Jobs today said that Apple has sold 2 billion songs to date from that store. It sold 1.2 billion songs in 2006. Certainly, that’s its own mark of success.

Yet, some folks in the press section of the audience weren’t sold on the iPhone. Of course, some of them also missed the value of the Internet on first demonstration.

However, I admit that it can be hard to check reality while in the bubble of a Steve Jobs Macworld demo. He is the master of such demonstrations and the Mac-phile crowd hangs on every word from his gigantic projected mouth seen on the tall-and-wide screen in the Moscone Center.

Still, the device rang my bell in the cool department. With the full browser implementation, it’s almost like a tablet PC but smaller and with telephony. As Jobs said, most smart phones aren’t very smart. The iPhone’s IQ must be off the scale.

Here are a few notes that I scribbled in the dark:

  • Details matter.
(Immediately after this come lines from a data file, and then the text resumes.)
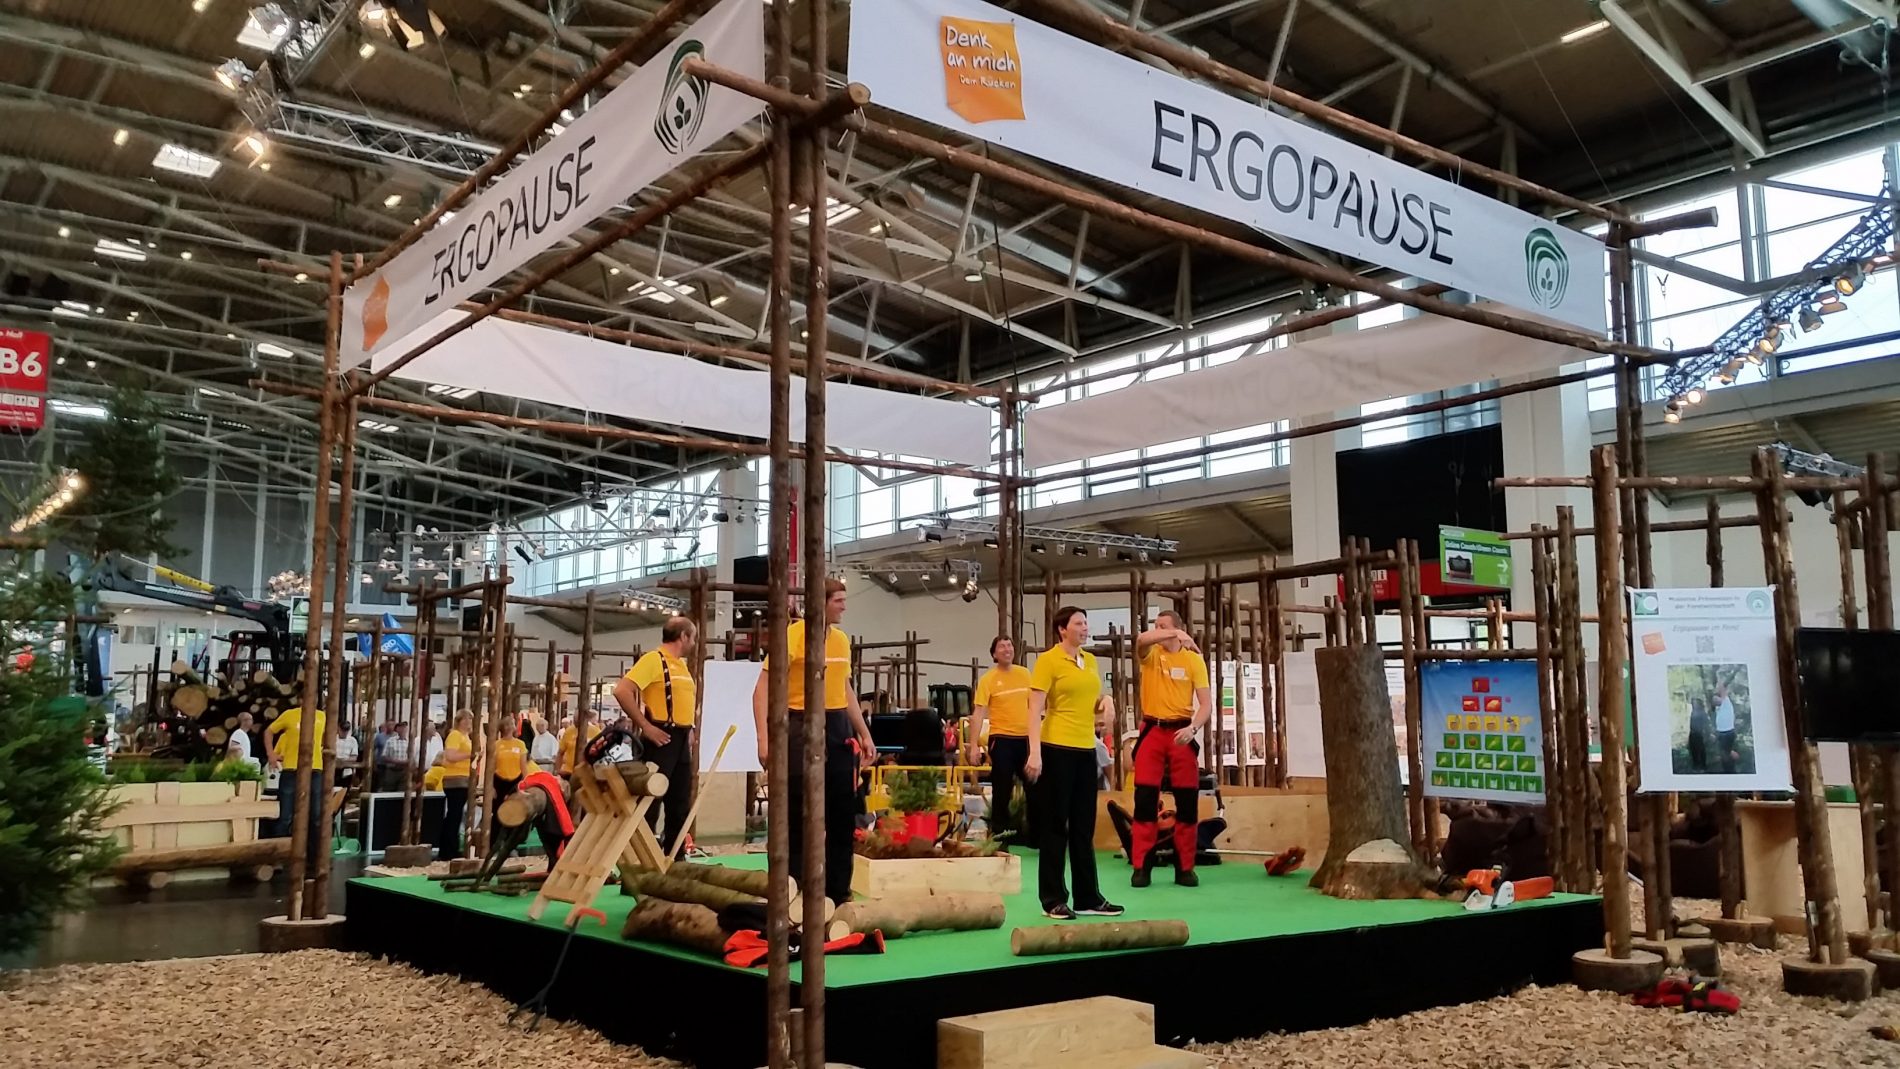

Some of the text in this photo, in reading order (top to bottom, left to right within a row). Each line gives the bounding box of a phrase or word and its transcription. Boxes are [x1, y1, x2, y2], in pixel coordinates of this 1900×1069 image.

[946, 25, 992, 49] Denk
[947, 50, 1016, 72] an mich
[1151, 100, 1453, 265] ERGOPAUSE
[425, 135, 596, 305] ERGOPAUSE
[0, 347, 42, 378] B6
The best single demonstration for me was what Apple calls the “pinch,” which lets users zoom in on a part of display on the iPhone’s screen by sliding the thumb and index finger away from one another. What counts here is that the screen can handle multiple simultaneous inputs and interpret them correctly.

    This pinch zoom capability was a very natural action and immediately understandable to the user, and made possible by the screen technology. Of course, Apple often provides several ways to do something and simply double-tapping the display also zoomed in on an area.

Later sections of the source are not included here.